My friend Heather was also a fan of the Manics. One day in eighth grade English class, we were pouring over the NME Originals edition about Manic Street Preachers. Because Heather and I were teased relentlessly in middle school, one of our classmates decided it would be funny to steal our magazine. He flipped through it and eventually landed on the infamous "4REAL" photo. Immediately, he threw the magazine down yelling that it was a "freak magazine" and that Heather and I were "freaks" for reading it.

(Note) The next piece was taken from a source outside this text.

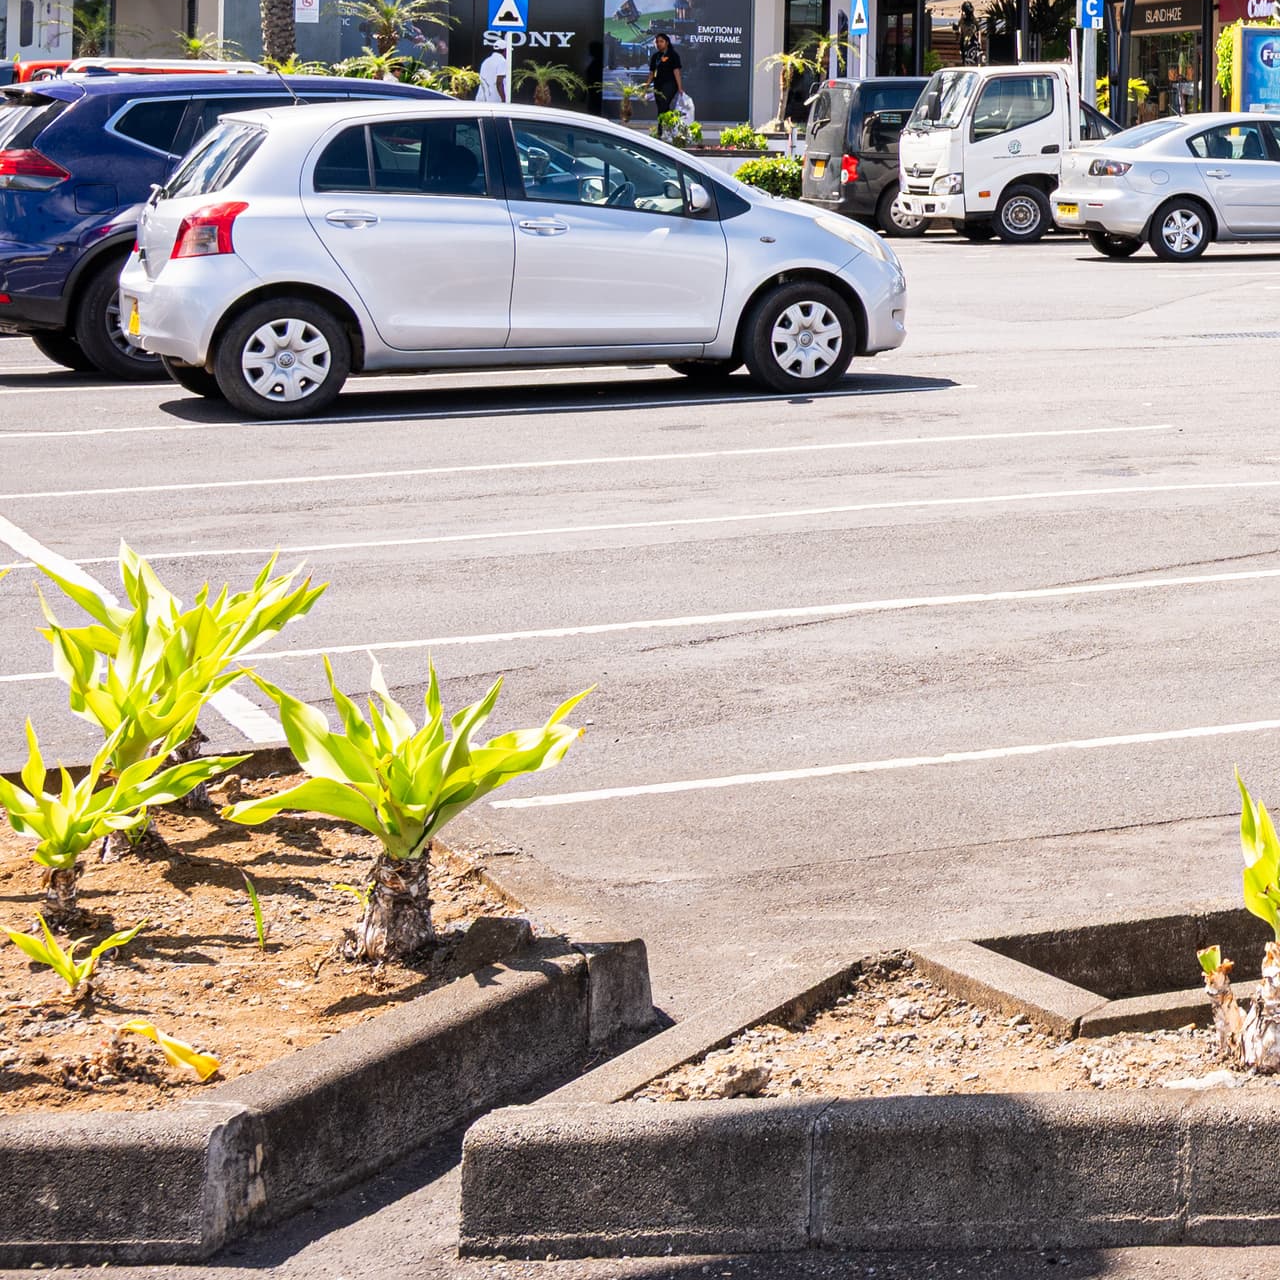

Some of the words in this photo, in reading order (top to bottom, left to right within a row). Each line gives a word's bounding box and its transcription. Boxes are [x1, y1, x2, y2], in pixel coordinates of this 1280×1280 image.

[698, 25, 733, 34] EMOTION
[734, 26, 742, 34] IN
[690, 35, 714, 43] EVERY
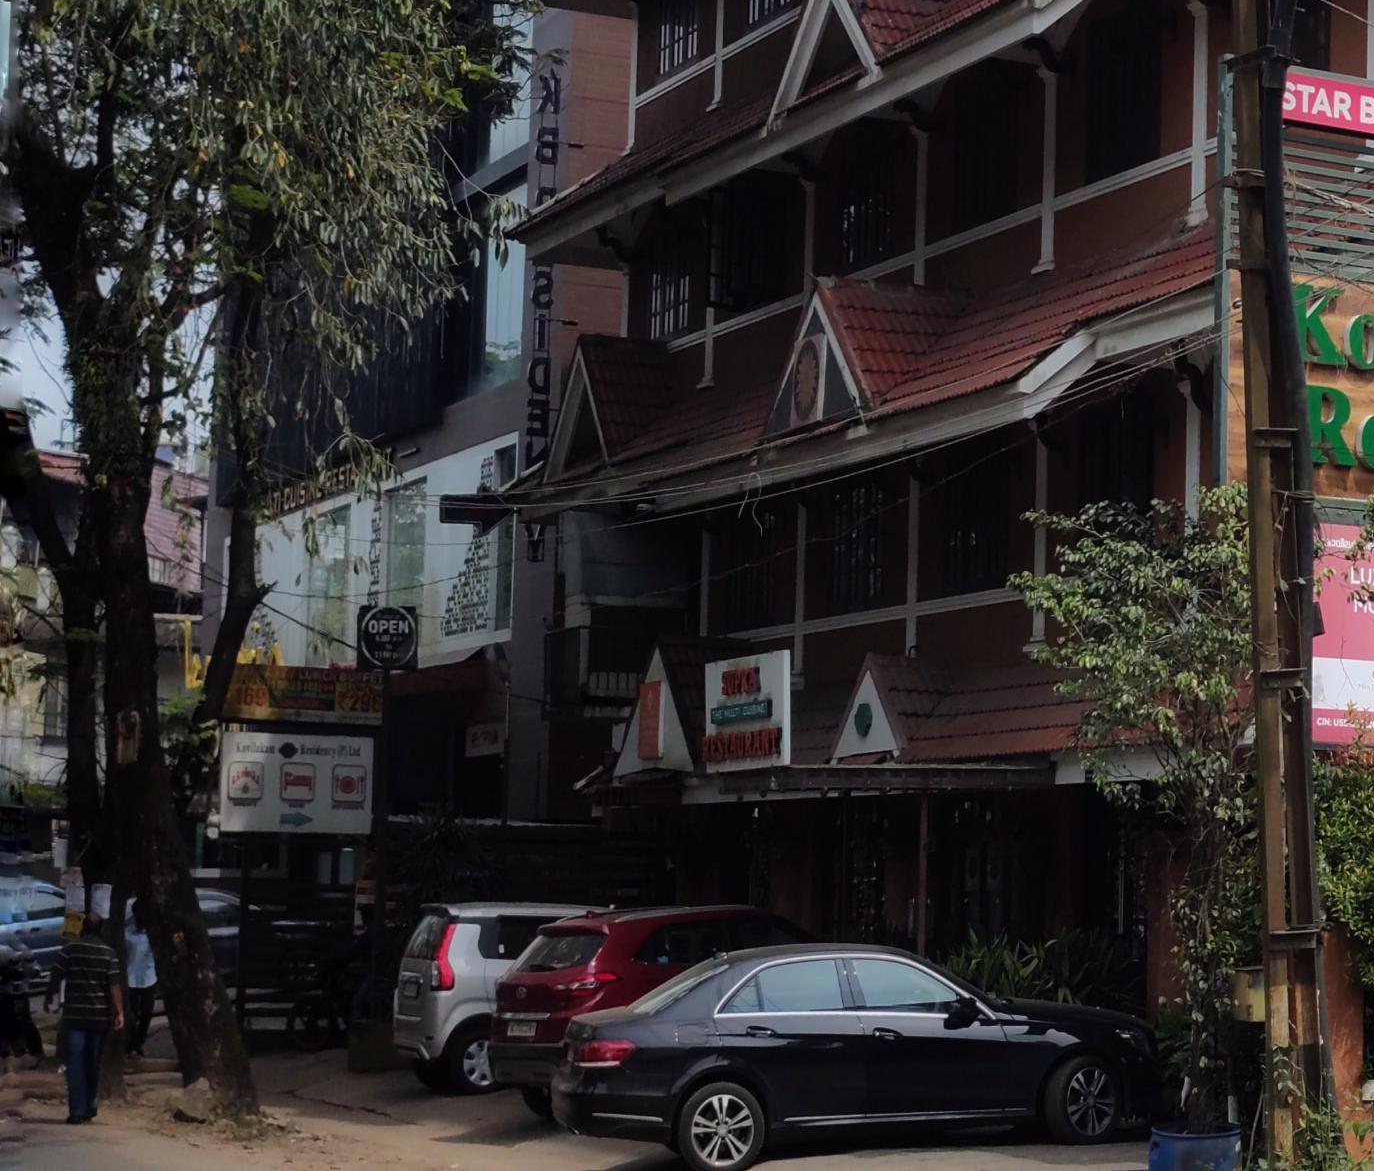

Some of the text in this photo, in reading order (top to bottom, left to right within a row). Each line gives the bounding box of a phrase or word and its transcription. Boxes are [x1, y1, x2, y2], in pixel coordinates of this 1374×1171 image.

How I survived middle school, I will never know.

Around this same time, Heather and I went to the mall dressed up in feather boas and tiaras with "Culture Sluts" written in lipstick on our arms. No one got it. I used to write on my arms a lot in middle school. It was kind of the thing to do in 2001. Once, I was sent to the guidance counselor's office for being Sharpie'd in phrases like, "Culture alienation boredom and despair" and "Dead End Doll." The guidance counselor asked me if I was suicidal and/or needed therapy. "No," I replied. "I just like Manic Street Preachers."

These have been the tales of a Manics fan growing up in Tennessee in the early noughties.